The Performance Impact To AMD Zen 2 Compiler Tuning On GCC 9 + Znver2
One of the areas that I always have "fun" benchmarking for new CPU launches is looking at the compiler performance. Following the recent Ryzen 3000 series launch I carried out some initial benchmarks looking at the current Zen 2 performance using the newest GCC 9 stable series with its "znver2" optimizations. Here is a look at how the Znver2 optimizations work out when running some benchmarks on the optimized binaries with a Ryzen 9 3900X running Ubuntu 18.04 LTS.

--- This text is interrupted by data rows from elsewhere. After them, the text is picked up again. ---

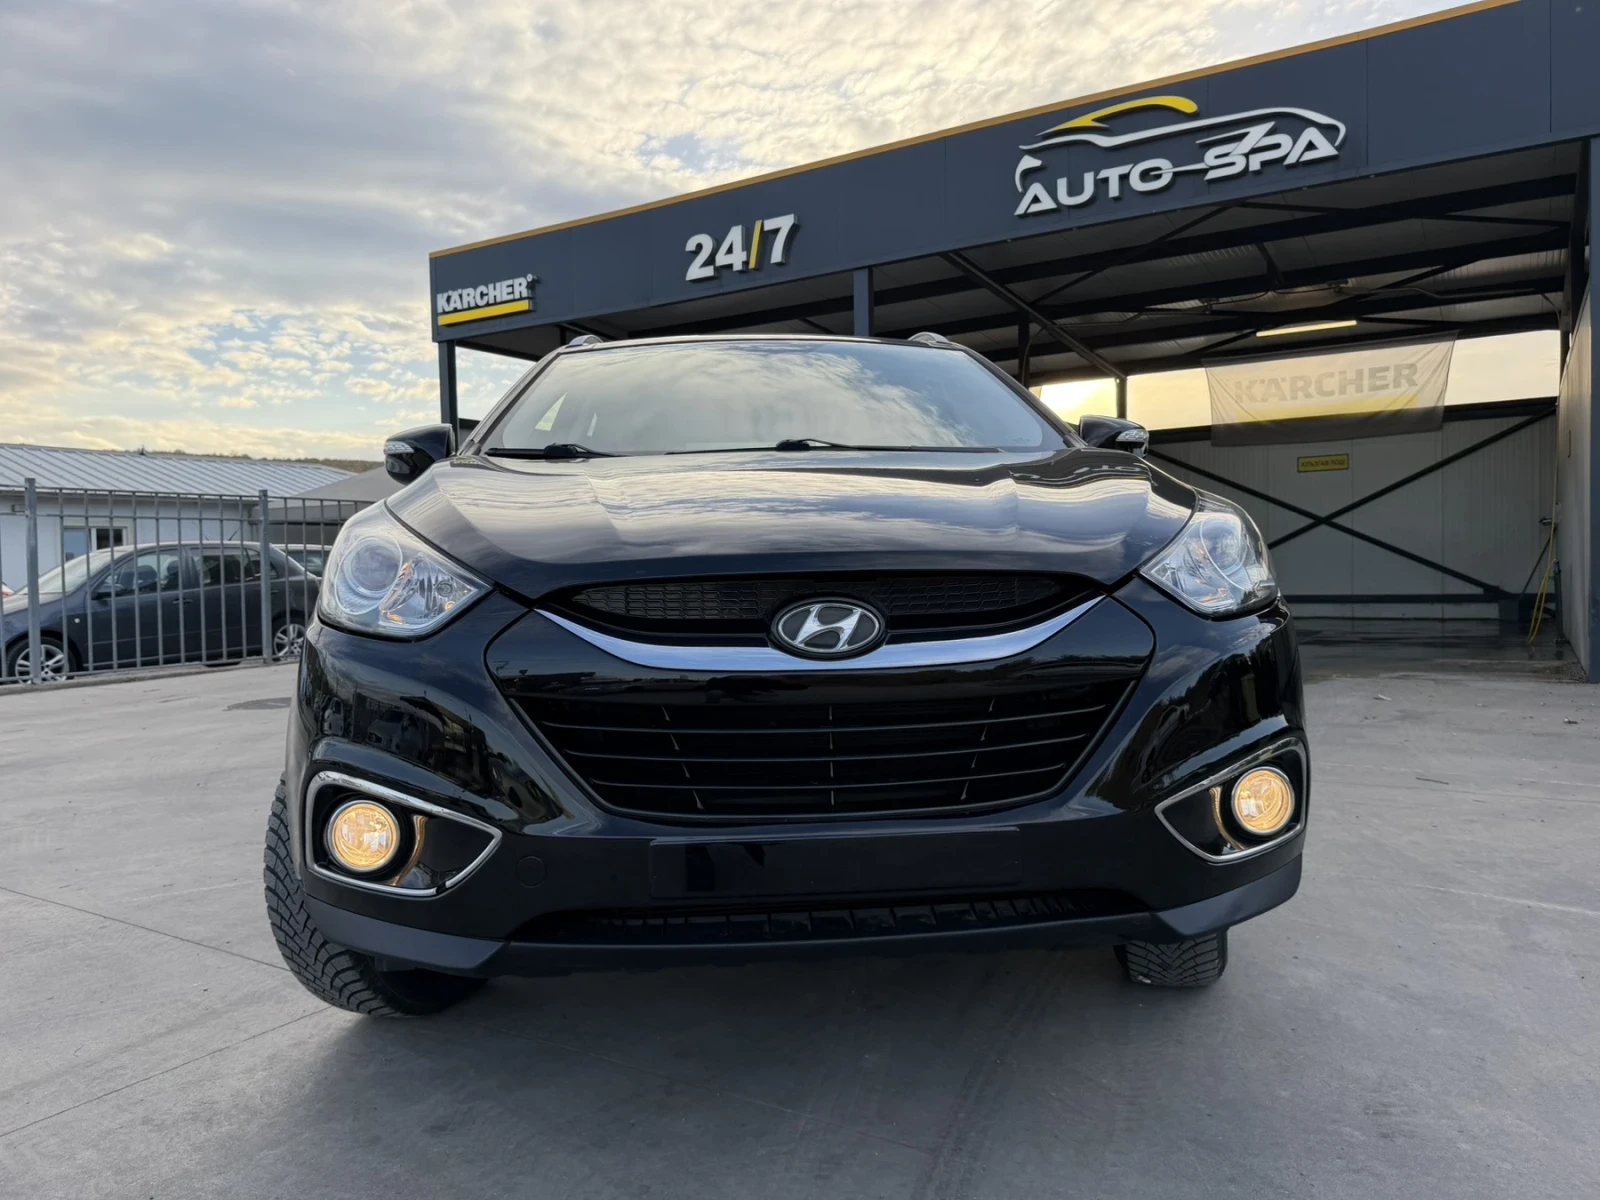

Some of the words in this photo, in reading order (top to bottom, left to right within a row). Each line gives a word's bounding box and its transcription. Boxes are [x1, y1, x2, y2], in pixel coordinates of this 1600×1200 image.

[1014, 157, 1174, 216] AUTO
[1203, 121, 1339, 181] SPA
[685, 213, 796, 281] 24/7
[436, 275, 531, 314] KÄRCHER
[1234, 362, 1419, 404] KÄRCHER

AMD developers introduced the initial Znver2 support into the GNU Compiler Collection last November and thus is part of the GCC 9 stable release that debuted in May. This was their initial cut support for the updated Zen microarchitecture but sadly hasn't seen any enhancements since that initial commit. The Znver2 target does bring some alterations to the cost tables and enables the CLWB / RDPID / WBNOINVD instructions. But as we found out during the Ryzen 3000 briefings, there are more instructions new to Zen 2 besides those like RDPRU, so unfortunately this support while appreciated isn't yet fully complete and likely missing various optimizations considering there haven't been any updates since November. Sadly any improvements made now to their GCC Znver2 support won't see users until the GCC 10 release in Q2'2020 and thus not making it into the likes of Ubuntu 20.04 LTS and other distributions.

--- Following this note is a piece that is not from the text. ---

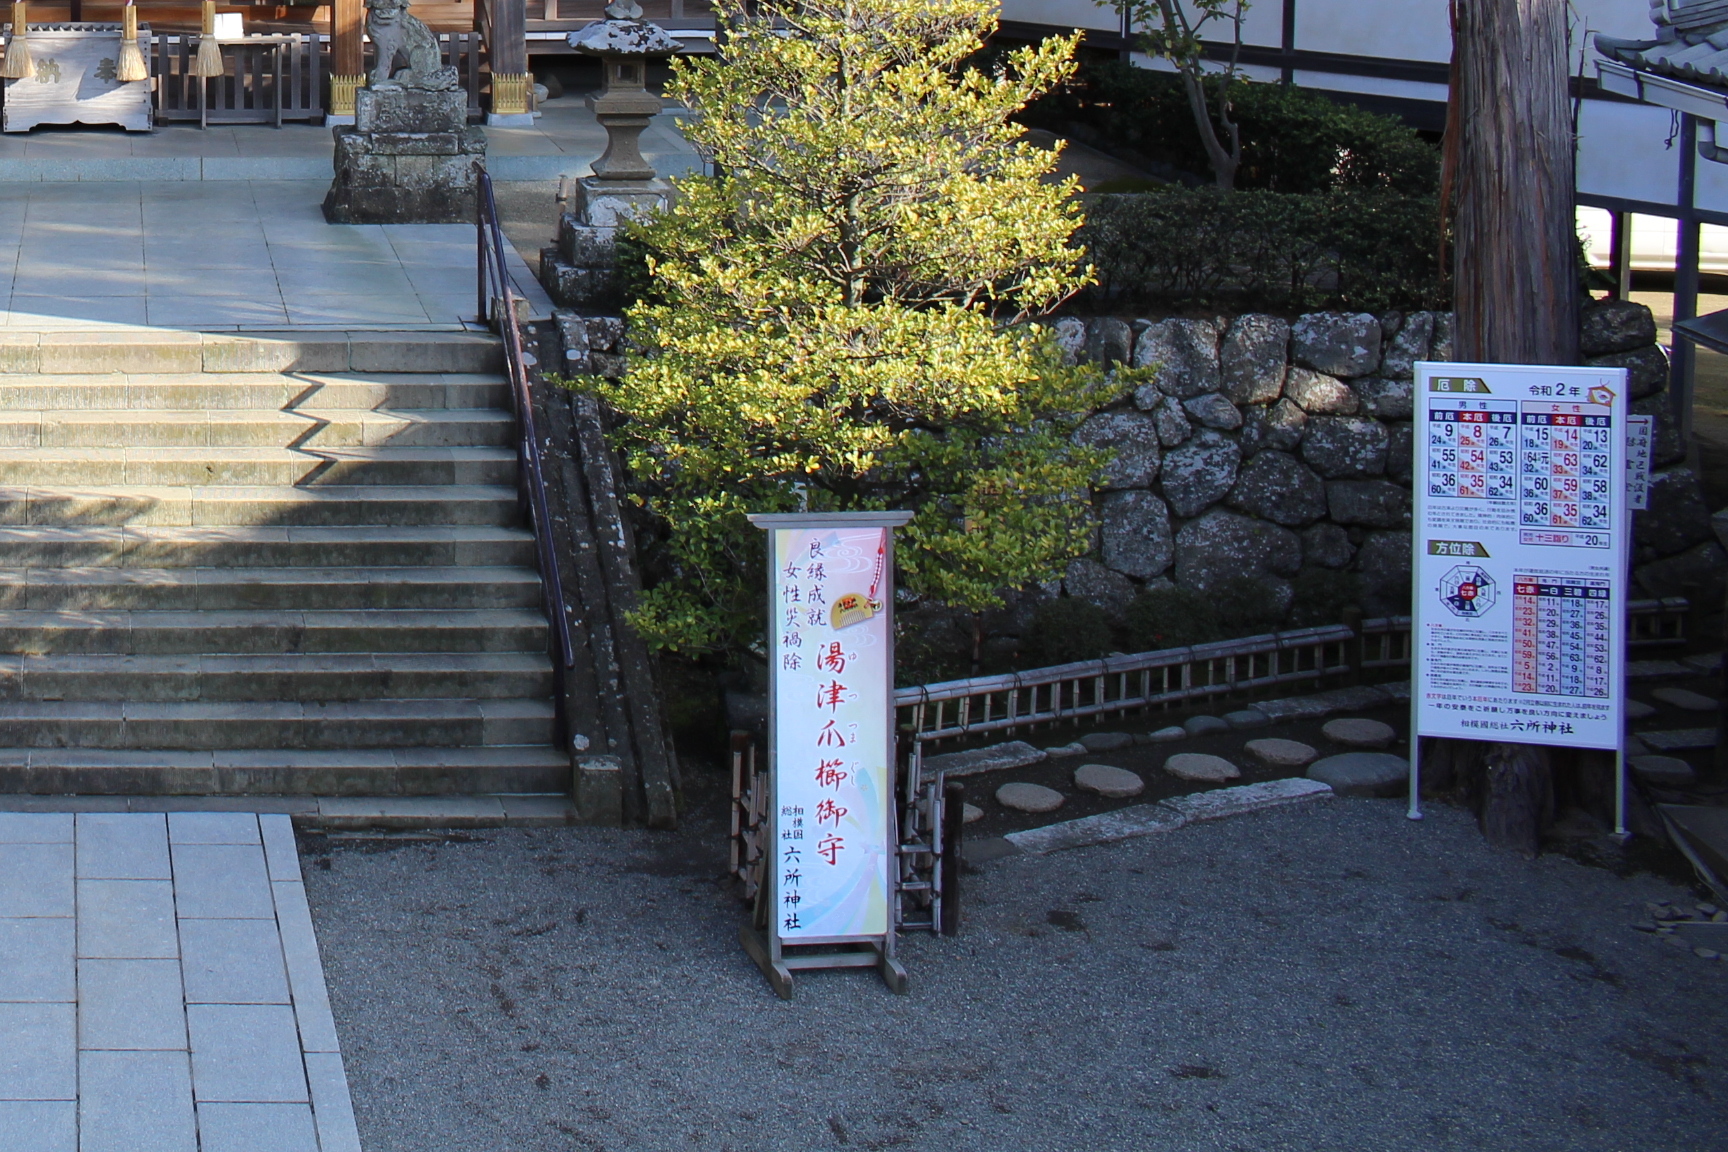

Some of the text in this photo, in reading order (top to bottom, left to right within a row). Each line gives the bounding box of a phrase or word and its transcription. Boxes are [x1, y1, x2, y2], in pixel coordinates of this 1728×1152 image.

This is certainly an area where Intel has been more punctual than AMD in getting out compiler support to GCC (and LLVM Clang) in new microarchitectures often years in advance (even ignoring manufacturing delays). Having their new (and well tuned) microarchitecture support out in new compiler releases well in advance ensures that the support makes it into the annual feature releases of the GCC compiler and out far enough that those new compiler releases get picked up by the tier-one Linux distributions, thus allowing the new microarchitecture targets to be found out-of-the-box in the operating systems at the time of launch. In the case of the Znver2 support with GCC 9, the new compiler has rolled out to Fedora 30 and various rolling-release distributions while Ubuntu users notably won't see this as the default compiler until October with Ubuntu 19.10 and then carried forward to Ubuntu 20.04 LTS sticking to GCC 9. AMD has been more cautious in sending out their compiler support early as not to reveal too many microarchitecture details.
For those having GCC 9 already as their default system compiler or manually upgrading GCC otherwise, here is a look at the current Znver2 performance changes to expect when compiling performance-sensitive binaries with Znver2 compared to Znver1 and also the generic x86-64 target. These different march targets were tested along with "-O3" as the CFLAGS/CXXFLAGS during benchmarking.
Again, all tests were done on the same Ryzen 9 3900X setup and various C/C++ benchmarks via the Phoronix Test Suite.